Plater describes ‘Xanadu/Bobby Dazzlers’ as an awkward mixture of Geordie magic realism and revolutionary socialism. I have read a version of the script held in the Plater archive, and this is a fair assessment – it’s difficult to align it with any contemporaneous trends in British film-making, although it has some of the madcap spirit of 1960s Richard Lester. There’s a growing academic interest in the phenomenon of the ‘unmade film’ – the shadow histories of projects that never saw the light of day. However, when I’ve been reading Plater’s unmade scripts, the experience is qualitatively similar to reading screenplays for TV programmes that no longer exist in the archives, and stage scripts for productions that are similarly lost to time.
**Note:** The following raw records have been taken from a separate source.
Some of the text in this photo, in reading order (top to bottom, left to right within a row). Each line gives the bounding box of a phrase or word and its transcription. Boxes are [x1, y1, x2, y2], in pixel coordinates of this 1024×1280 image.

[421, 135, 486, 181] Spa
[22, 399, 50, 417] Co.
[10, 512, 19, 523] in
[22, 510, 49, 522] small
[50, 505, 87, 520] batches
The idea for ‘Xanadu/Bobby Dazzlers’ came about when the producer Kenneth Harper encouraged Plater to come up with something more upbeat than the mining-themed Coalhouse, which resulted in a Tyneside-set love story about a Wallsend shipyard crane-operator courting an office typist. Harper ended up producing The Virgin and the Gypsy (1970), Plater’s first completed film, but he is probably best known for his association with the pop singer Cliff Richard, for whom he produced four movies. As Plater amusingly recounts in Abandoned Projects, that’s what led to Cliff – nobody’s idea of a Wallsend shipyard worker, let’s be honest – being touted as the potential star. As Plater says, he had been thinking more along the lines of Eric Burdon or Alan Price.
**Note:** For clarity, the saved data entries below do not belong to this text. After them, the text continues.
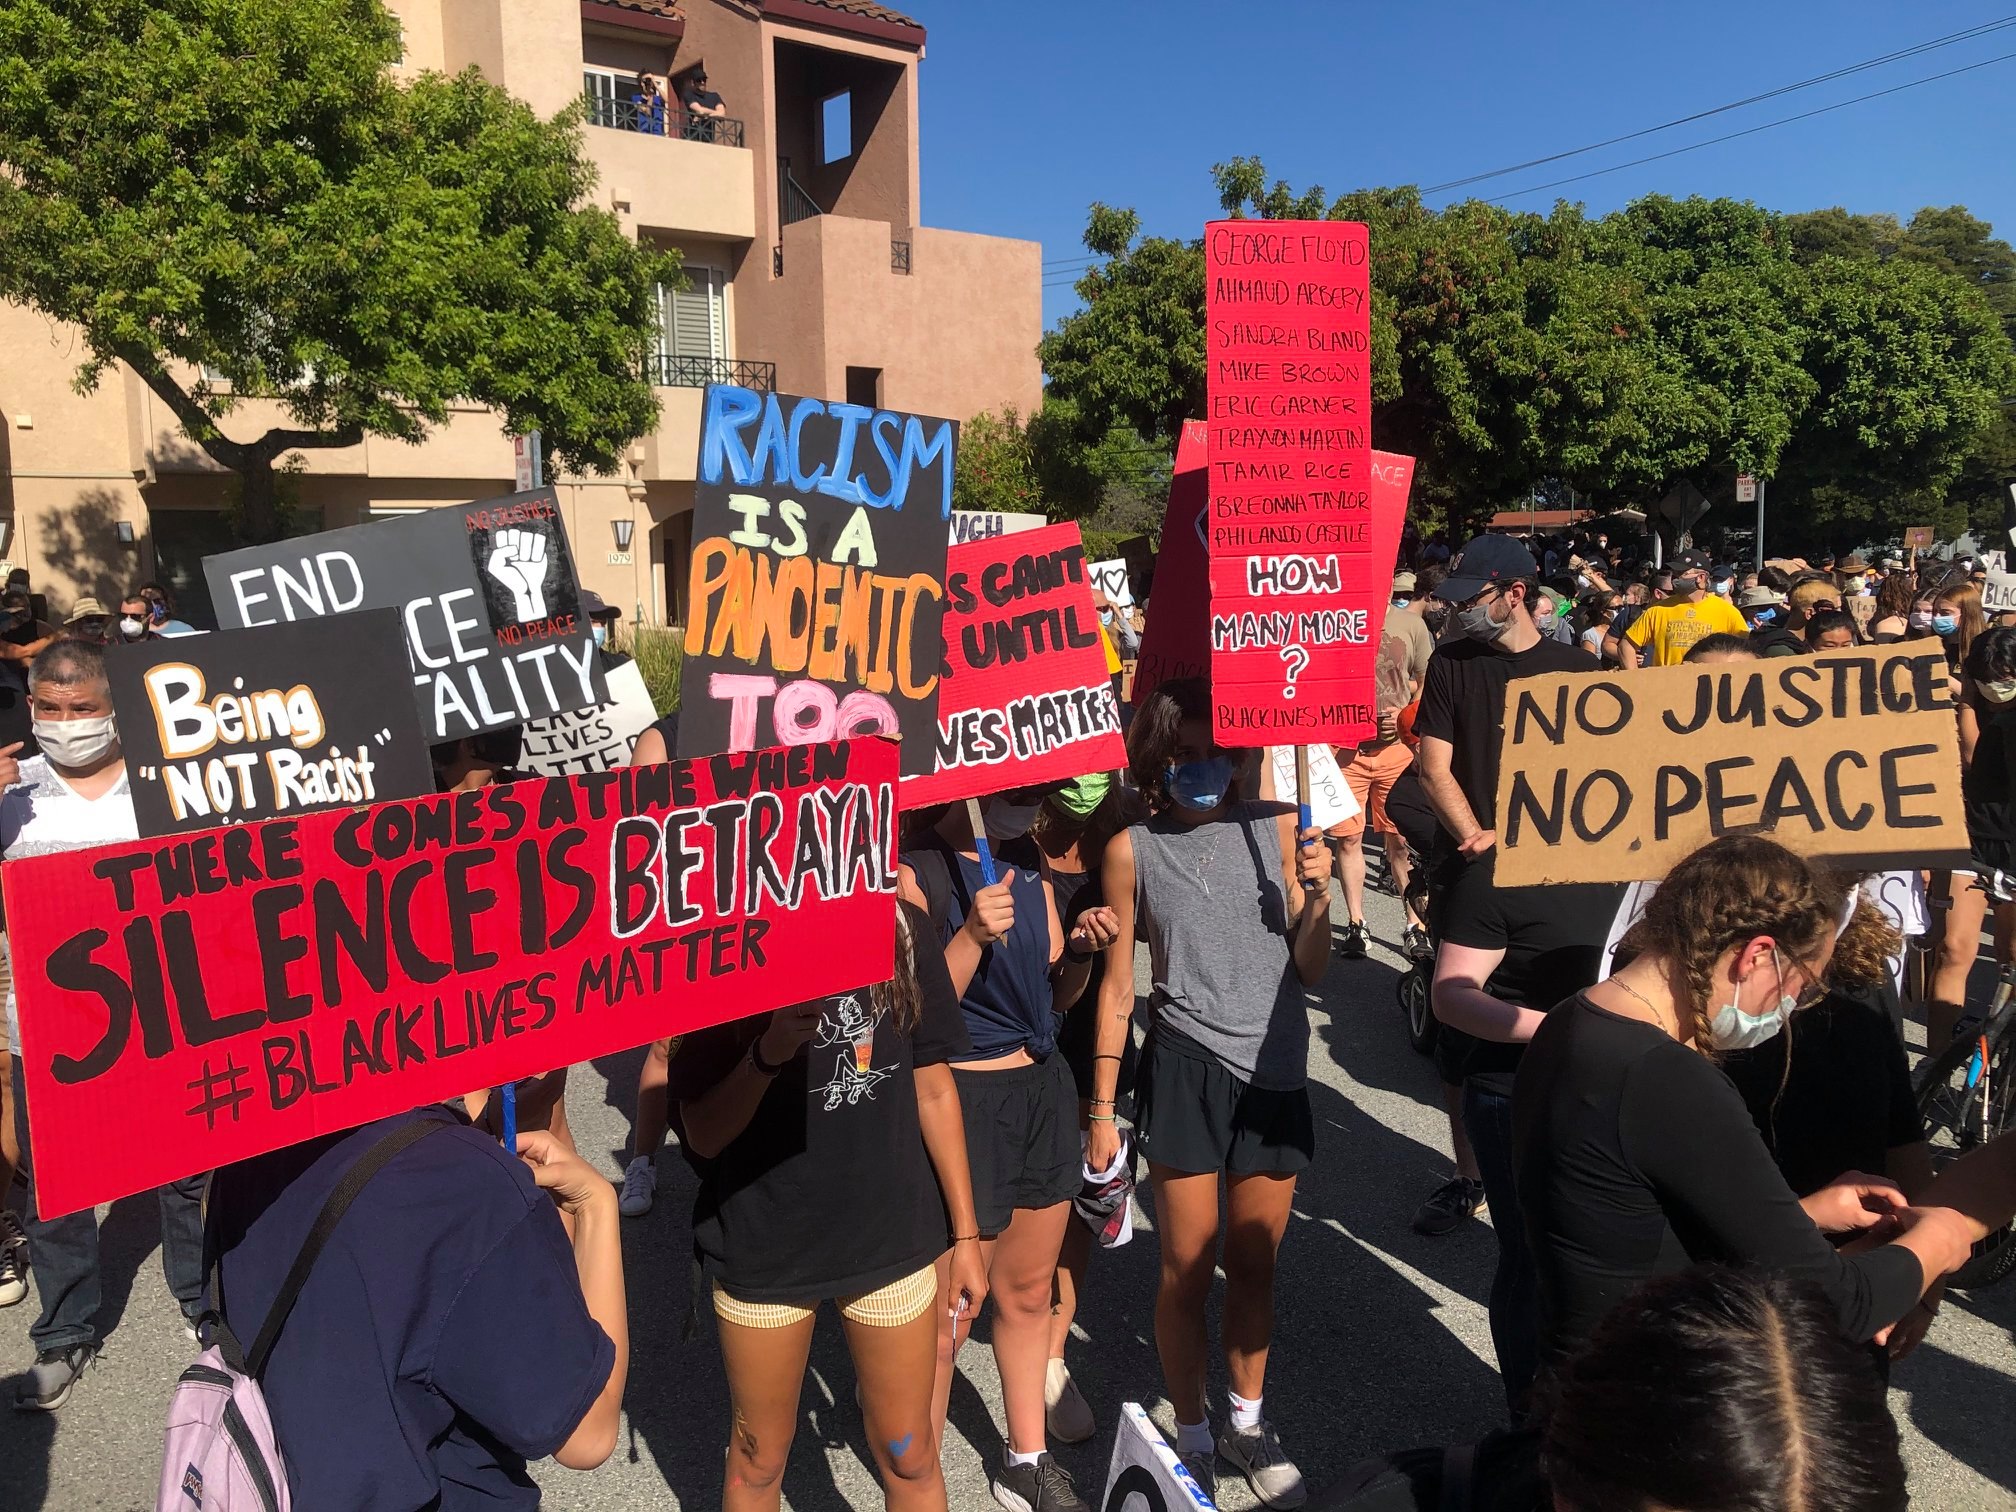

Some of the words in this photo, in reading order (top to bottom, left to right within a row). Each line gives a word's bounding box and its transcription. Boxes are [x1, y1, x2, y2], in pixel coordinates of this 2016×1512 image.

[1212, 228, 1295, 266] GEORGE
[1301, 235, 1366, 267] FLOYD
[1214, 277, 1290, 305] AHMAUD
[1296, 281, 1365, 314] ARBERY
[1214, 320, 1300, 348] SANDRA
[1307, 328, 1368, 353] BLAND
[1219, 359, 1272, 383] MIKE
[1281, 362, 1360, 383] BROWN
[1213, 395, 1265, 419] ERIC
[1270, 394, 1358, 416] GARNER
[701, 383, 955, 521] RACISM
[1299, 425, 1364, 451] MARTIN
[1214, 461, 1295, 482] TAMIR
[1304, 461, 1353, 480] RICE
[465, 510, 491, 533] NO
[493, 497, 556, 527] JUSTICE
[728, 493, 809, 557] IS
[831, 505, 878, 568] A
[1216, 493, 1308, 518] BREONNA
[1308, 490, 1370, 511] TAYLOR
[608, 553, 631, 564] 1979
[1214, 524, 1301, 548] PHILANDO
[229, 551, 365, 628] END
[981, 544, 1085, 606] CANT
[1246, 553, 1342, 597] HOW
[405, 587, 490, 670] CE
[496, 622, 522, 648] NO
[526, 614, 578, 642] PEACE
[683, 536, 943, 700] PANDEMIC
[961, 604, 1098, 670] UNTIL
[1212, 611, 1293, 652] MANY
[1299, 609, 1370, 645] MORE
[414, 637, 594, 737] ALITY
[1279, 643, 1310, 699] ?
[143, 661, 326, 760] Being
[708, 672, 900, 754] TOO
[1007, 681, 1122, 761] MATTER
[1217, 704, 1271, 731] BLACK
[1272, 705, 1318, 729] LIVES
[1320, 703, 1378, 727] MATTER
[1512, 681, 1634, 745] NO
[1661, 654, 1954, 736] JUSTICE
[522, 718, 614, 757] LIVES
[1655, 743, 1944, 842] PEACE
[95, 820, 303, 912] THERE
[334, 789, 524, 868] COMES
[709, 739, 850, 801] WHEN
[46, 846, 498, 1086] SILENCE
[517, 828, 598, 956] IS
[610, 782, 900, 938] BETRAYAL
[575, 918, 771, 1014] MATTER
The story begins with the hapless operator using his crane to lower a rose down to the office window of the woman he is trying to impress. A few smashed windows later, they both get the sack. There follows a chain of chaotic sequences detailing their courtship, and their search for employment and housing, all the while being pursued and judged by the forces of law and order – represented rather cartoonishly by a police marching band who have a habit of getting in their way.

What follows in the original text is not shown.